Sugar and other sweeteners are, in fact, so toxic to the human body that they should be regulated as strictly as alcohol by governments worldwide, according to a commentary in the current issue of the journal Nature by researchers at the University of California, San Francisco (UCSF).
Many researchers are seeing sugar as not just “empty calories,” but rather a chemical that becomes toxic in excess. At issue is the fact that glucose from complex carbohydrates, such as whole grains, is safely metabolized by cells throughout the body, but the fructose element of sugar is metabolized primarily by the liver. This is where the trouble can begin — taxing the liver, causing fatty liver disease, and ultimately leading to insulin resistance, the underlying causes of obesity and diabetes.

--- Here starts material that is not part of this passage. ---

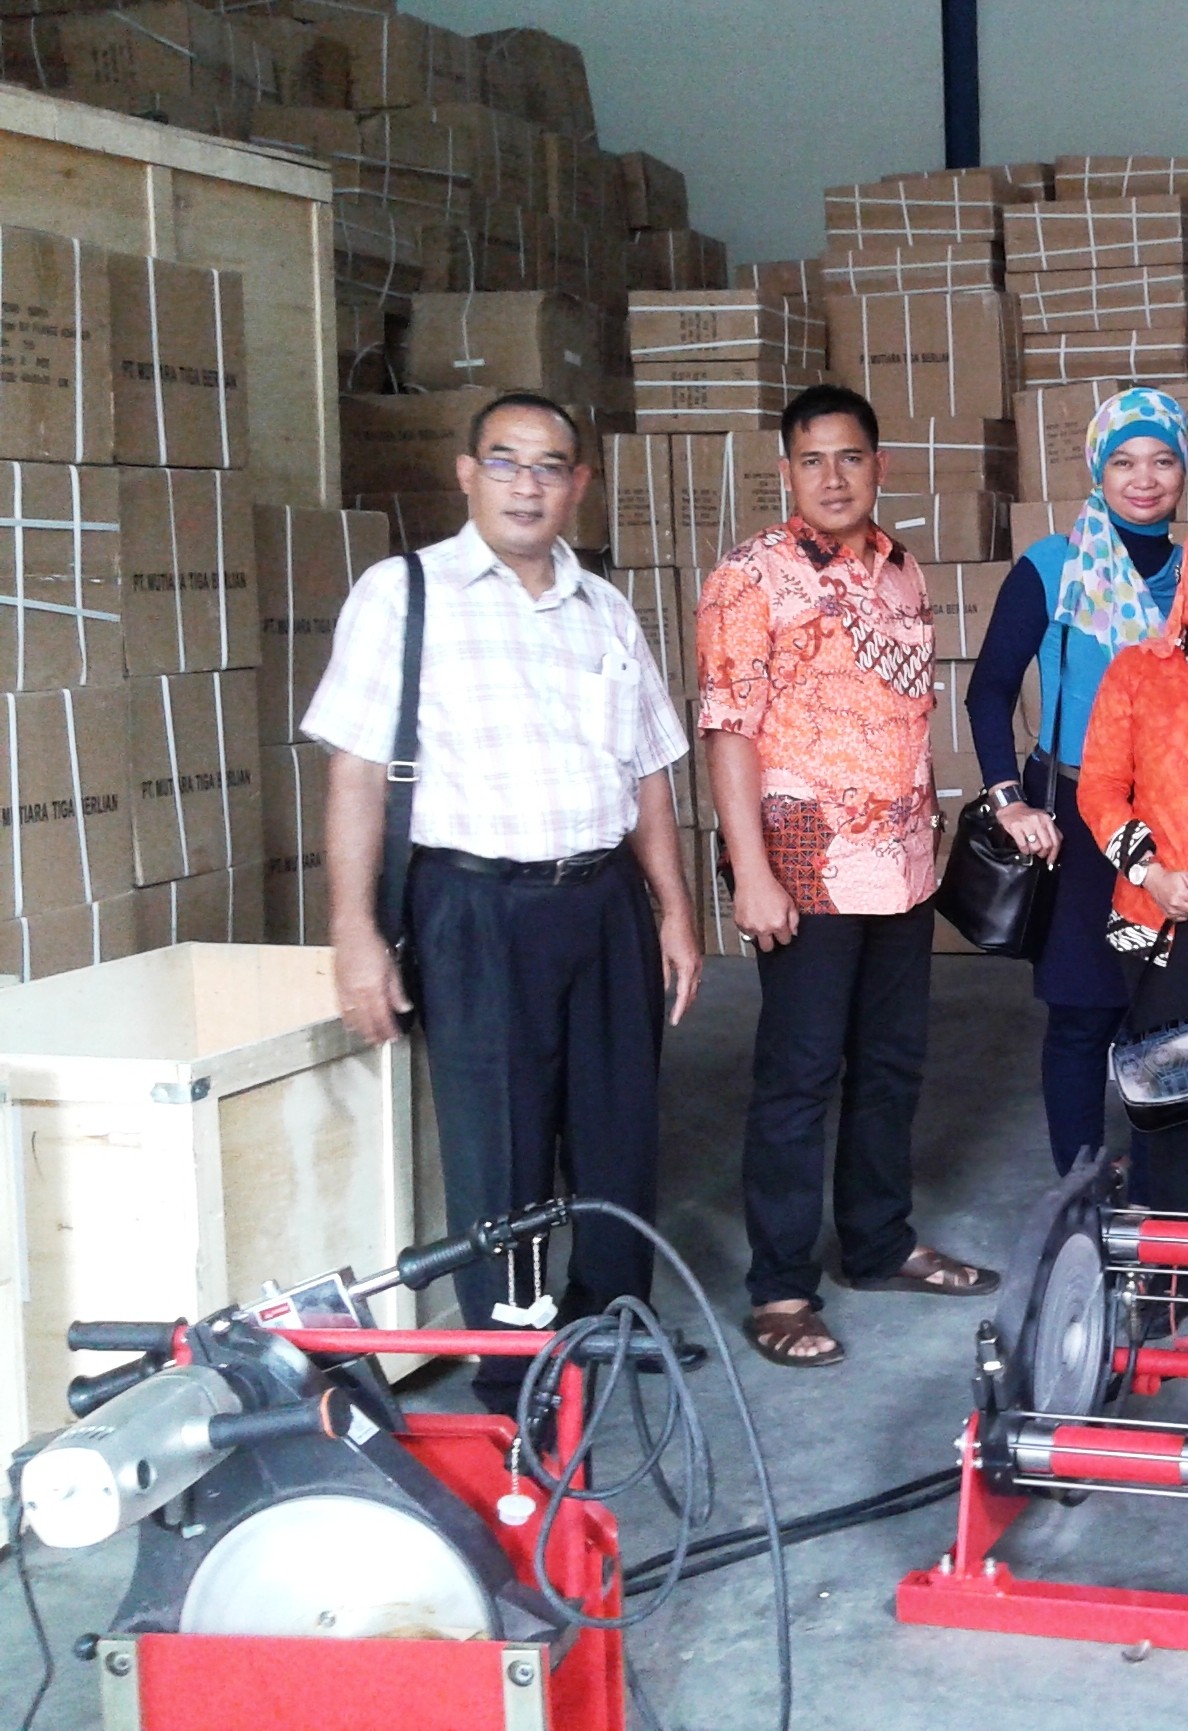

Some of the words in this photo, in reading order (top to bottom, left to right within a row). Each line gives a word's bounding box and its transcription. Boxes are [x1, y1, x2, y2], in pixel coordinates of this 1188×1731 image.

[946, 604, 978, 615] BERIAN
[217, 767, 251, 790] BRLIAN
[2, 801, 49, 826] MTIARA

Added sugar, more so than the fructose in fiber-rich fruit, hits the liver more directly and can cause more damage — in laboratory rodents, anyway. Some researchers, however, remained unconvinced of the evidence of sugar’s toxic effect on the human body at current consumption levels, as high as they are.
Some researchers argue that saturated fat, not sugar, is the root cause of obesity and chronic disease. Others argue that it is highly processed foods with simple carbohydrates. Still others argue that it is a lack of physical exercise. It could, of course, be a matter of all these issues.